RECORDS SHOWN:
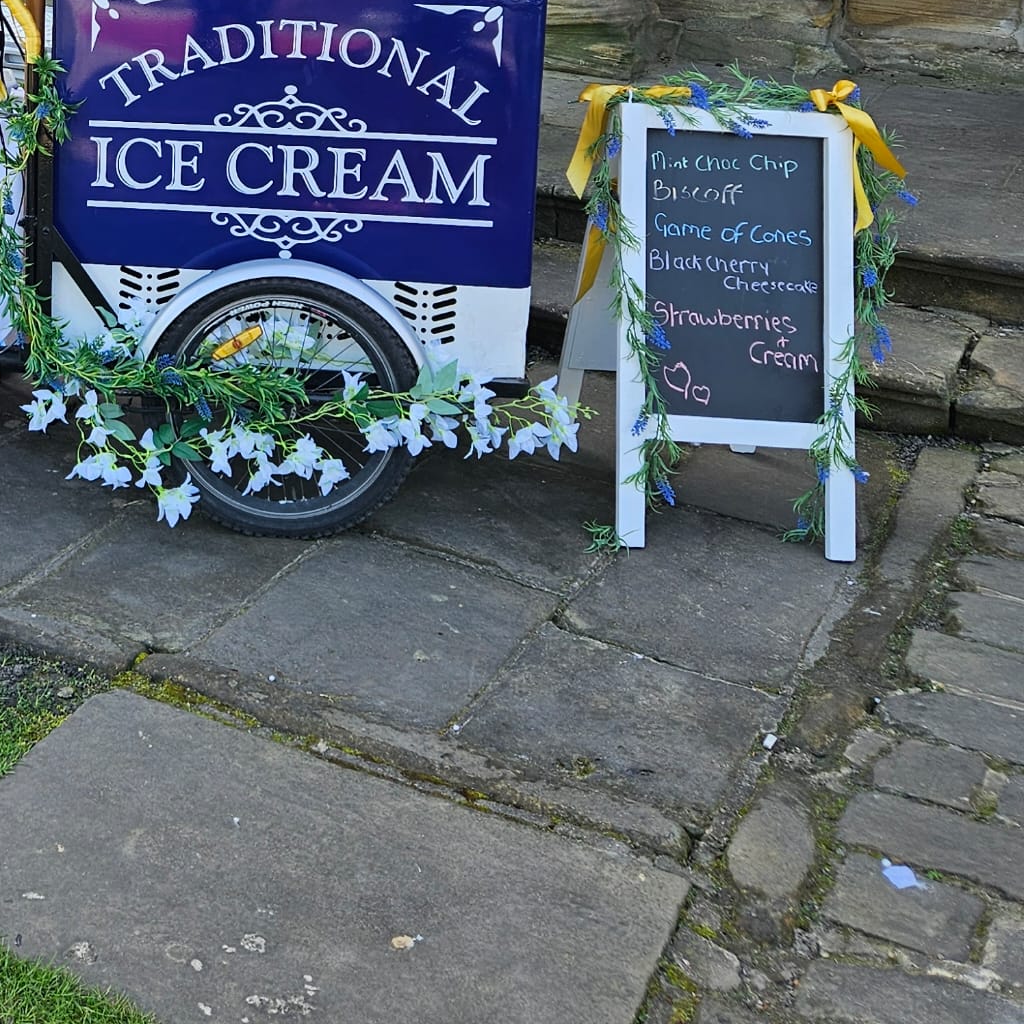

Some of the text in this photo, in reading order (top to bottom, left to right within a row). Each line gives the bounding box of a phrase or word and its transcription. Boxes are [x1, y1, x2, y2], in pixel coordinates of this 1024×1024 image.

[98, 18, 491, 126] TRADITIONAL
[90, 135, 492, 207] ICE CREAM
[651, 150, 799, 179] Mint Choc Chip
[654, 212, 813, 247] Game of Cones
[649, 248, 702, 271] Black
[723, 276, 818, 294] Cheesecake
[654, 300, 798, 334] Strawberries
[749, 341, 819, 373] Cream

WORK ORDER:
Because only the text is wanted, copy each record above precisely and omit its pictures.

RESULT OF THE TASK:
Some of the text in this photo, in reading order (top to bottom, left to right within a row). Each line gives the bounding box of a phrase or word and its transcription. Boxes are [x1, y1, x2, y2], in pixel coordinates of this 1024×1024 image.

[98, 18, 491, 126] TRADITIONAL
[90, 135, 492, 207] ICE CREAM
[651, 150, 799, 179] Mint Choc Chip
[654, 212, 813, 247] Game of Cones
[649, 248, 702, 271] Black
[723, 276, 818, 294] Cheesecake
[654, 300, 798, 334] Strawberries
[749, 341, 819, 373] Cream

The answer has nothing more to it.